--- Information provided Enclosed Below ---
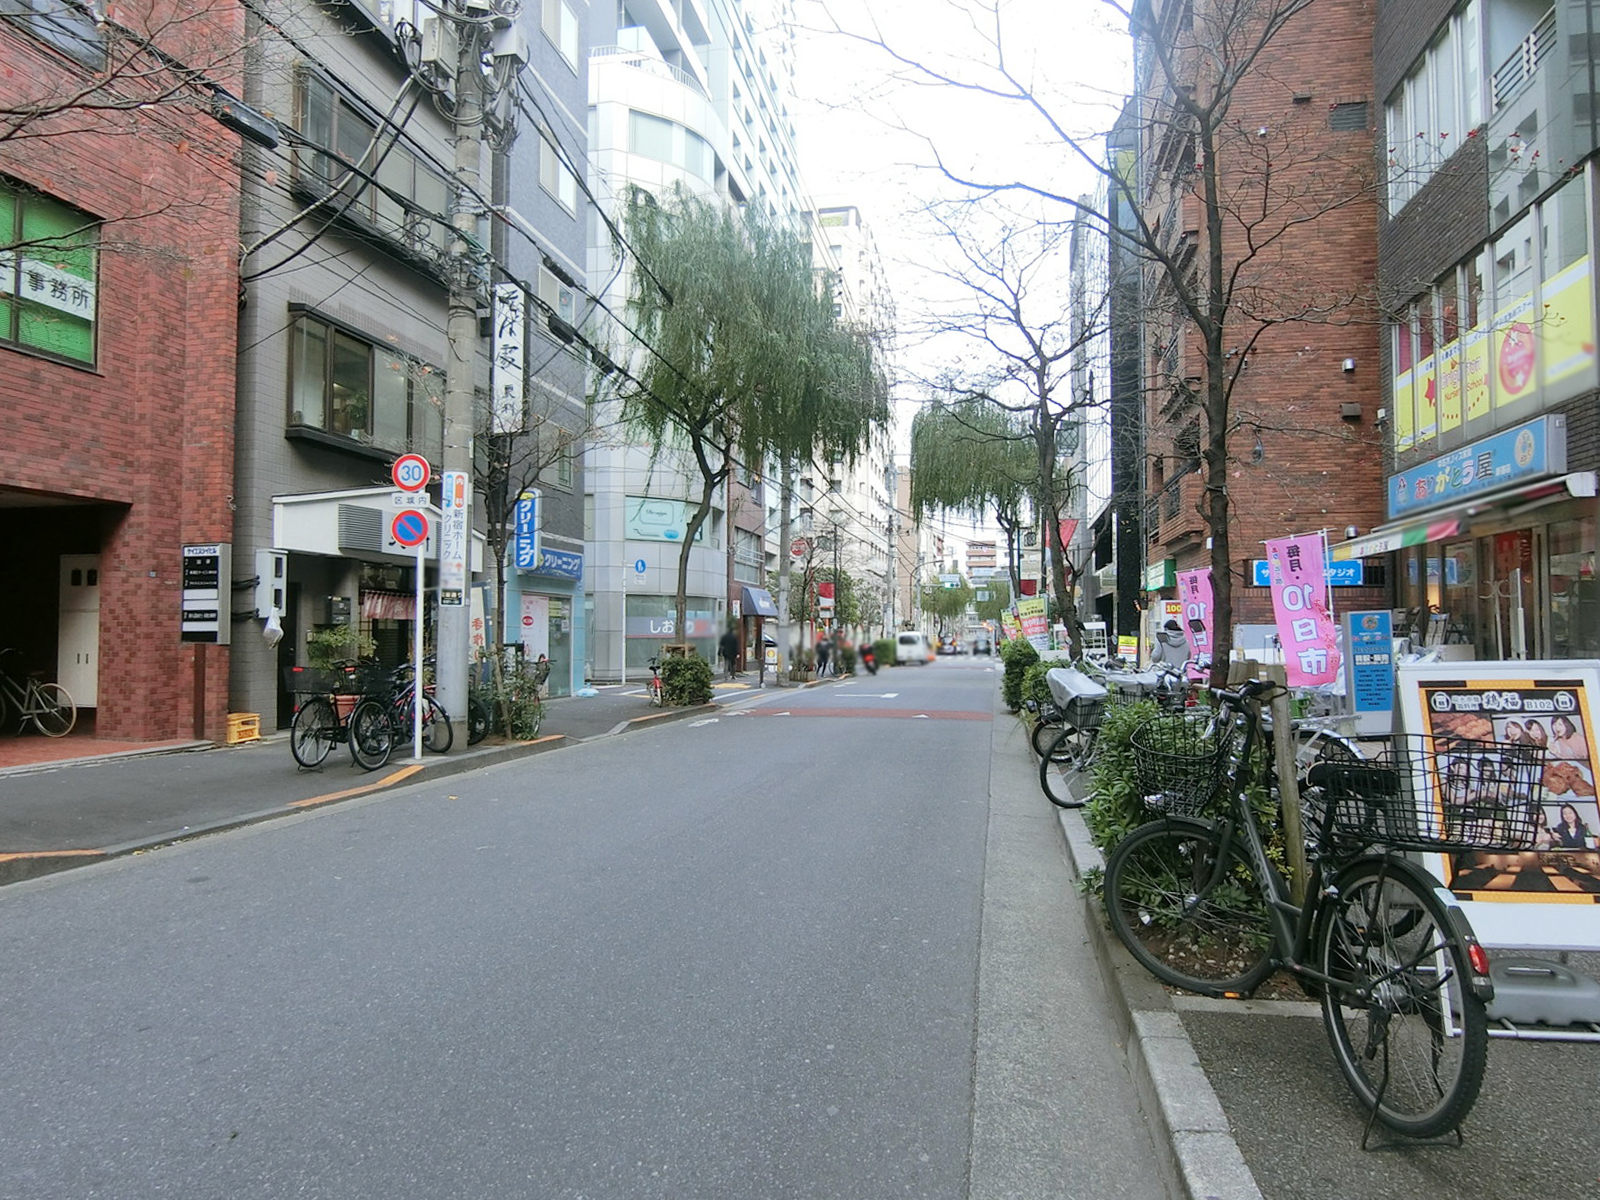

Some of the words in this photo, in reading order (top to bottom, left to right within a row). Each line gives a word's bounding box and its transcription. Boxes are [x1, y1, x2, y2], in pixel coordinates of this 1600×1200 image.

[28, 270, 90, 309] 事務所
[401, 465, 422, 481] 30
[1413, 451, 1494, 500] ありがとう屋
[394, 496, 427, 505] 区域内
[443, 514, 452, 560] クリニック
[452, 508, 464, 561] 新宿ホーム
[519, 500, 535, 566] クリーニング
[544, 553, 581, 571] クリーニング
[1526, 700, 1552, 710] B102
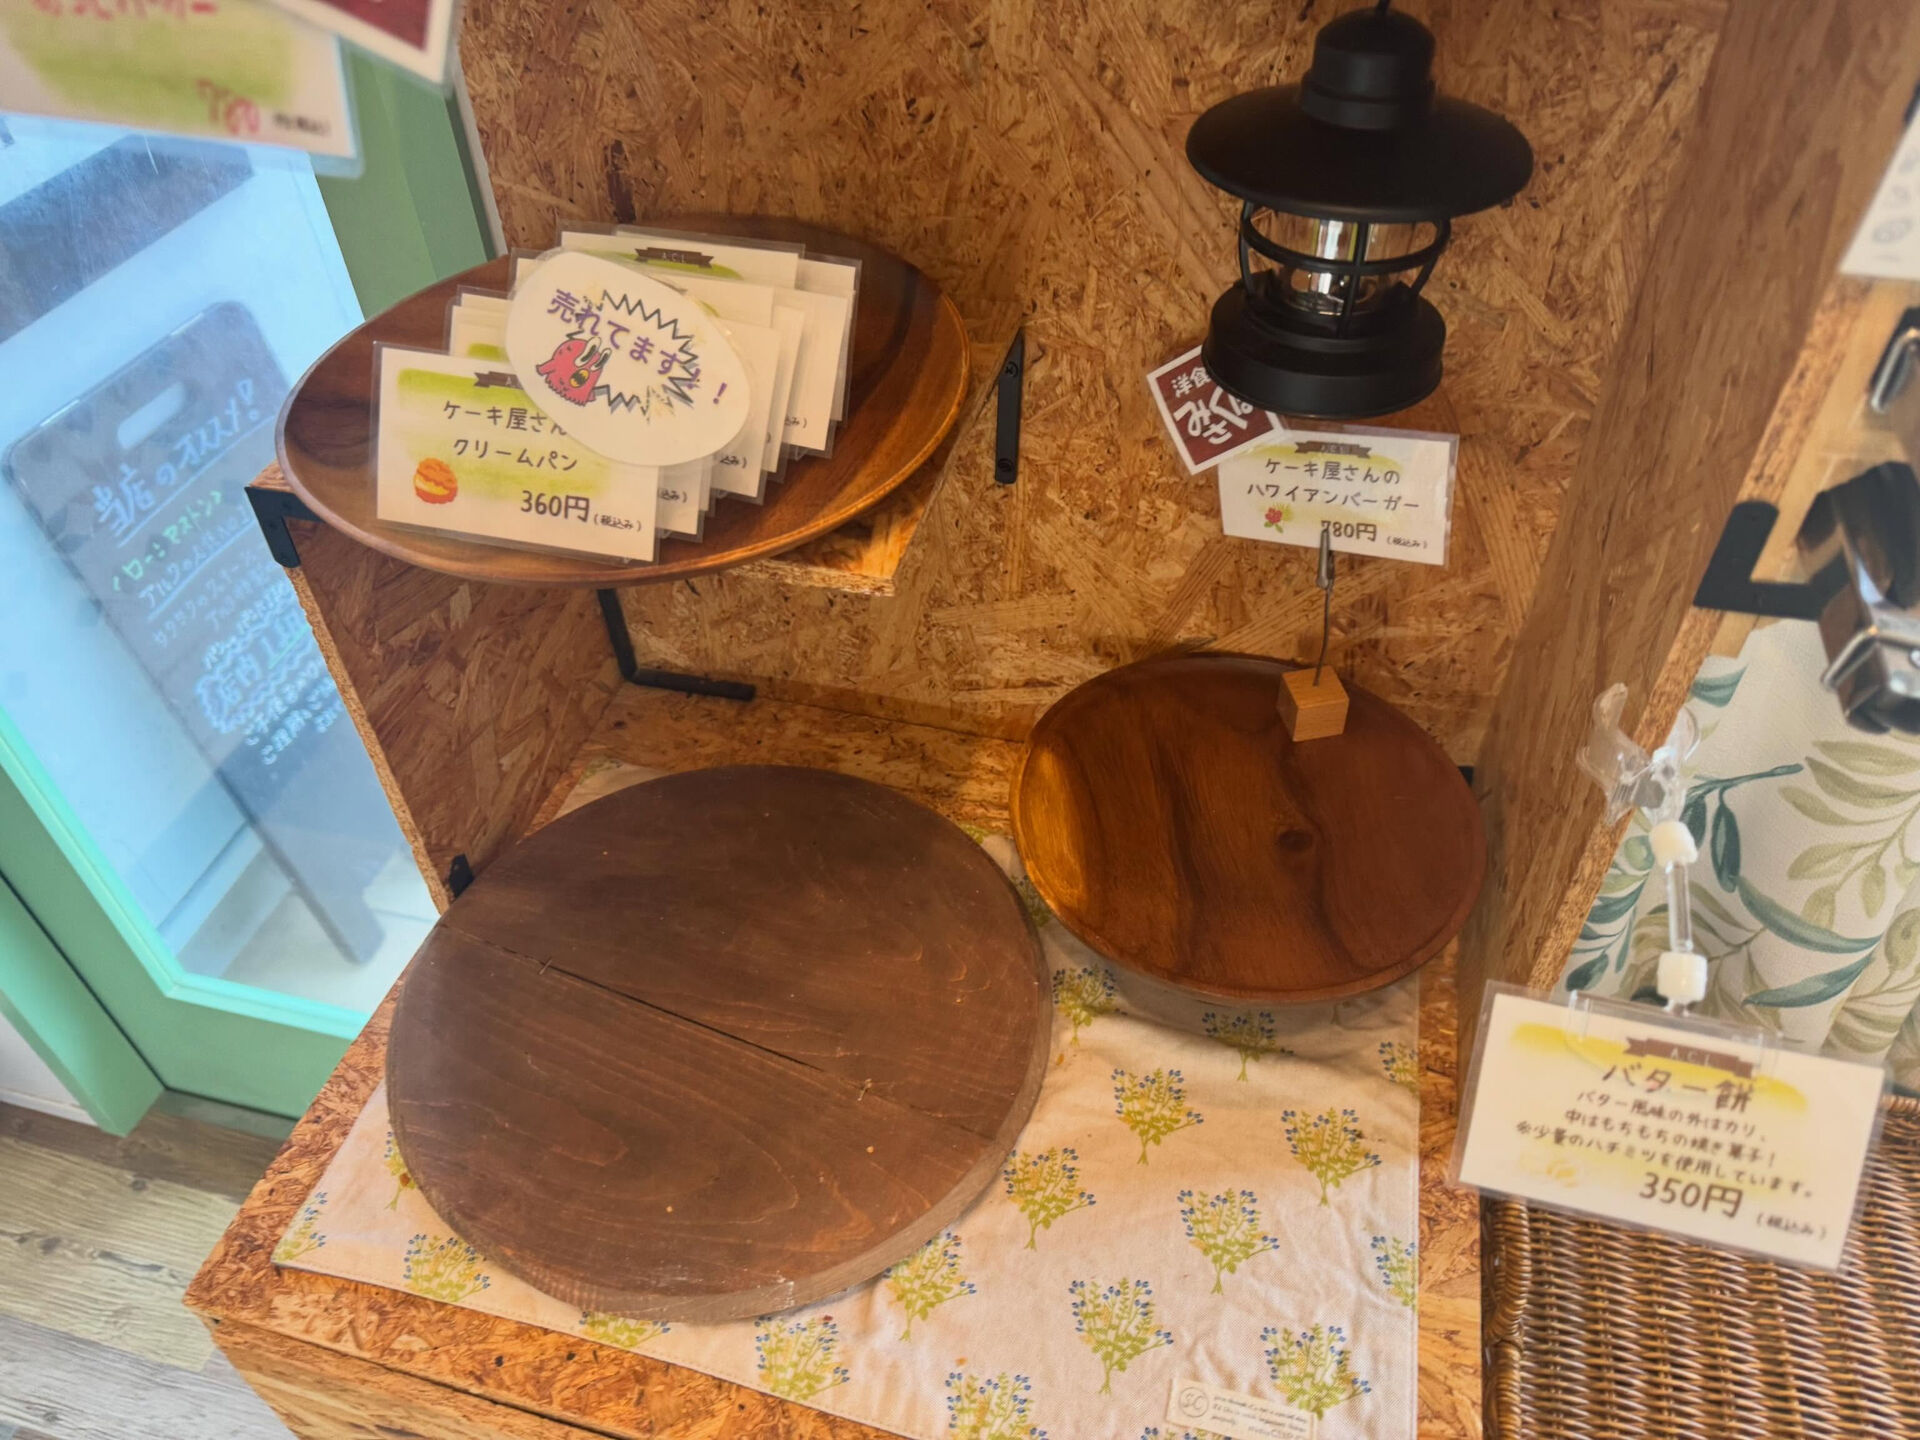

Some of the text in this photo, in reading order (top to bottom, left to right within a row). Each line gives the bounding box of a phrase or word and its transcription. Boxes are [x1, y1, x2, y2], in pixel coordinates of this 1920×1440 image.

[454, 439, 578, 471] クリームパン
[1265, 458, 1400, 485] ケーキ屋さんの
[520, 490, 590, 523] 360円
[1247, 484, 1420, 511] ハワイアンバーガー
[1602, 1062, 1754, 1113] バター餅
[1639, 1171, 1744, 1219] 350円
--- End of Enclosed Information provided ---
**Aim of the exercise**. Reproduce each entry precisely, dropping only the pictures.

**Solution for this problem**.
Some of the words in this photo, in reading order (top to bottom, left to right within a row). Each line gives a word's bounding box and its transcription. Boxes are [x1, y1, x2, y2], in pixel coordinates of this 1600×1200 image.

[28, 270, 90, 309] 事務所
[401, 465, 422, 481] 30
[1413, 451, 1494, 500] ありがとう屋
[394, 496, 427, 505] 区域内
[443, 514, 452, 560] クリニック
[452, 508, 464, 561] 新宿ホーム
[519, 500, 535, 566] クリーニング
[544, 553, 581, 571] クリーニング
[1526, 700, 1552, 710] B102

Some of the text in this photo, in reading order (top to bottom, left to right within a row). Each line gives the bounding box of a phrase or word and its transcription. Boxes are [x1, y1, x2, y2], in pixel coordinates of this 1920×1440 image.

[454, 439, 578, 471] クリームパン
[1265, 458, 1400, 485] ケーキ屋さんの
[520, 490, 590, 523] 360円
[1247, 484, 1420, 511] ハワイアンバーガー
[1602, 1062, 1754, 1113] バター餅
[1639, 1171, 1744, 1219] 350円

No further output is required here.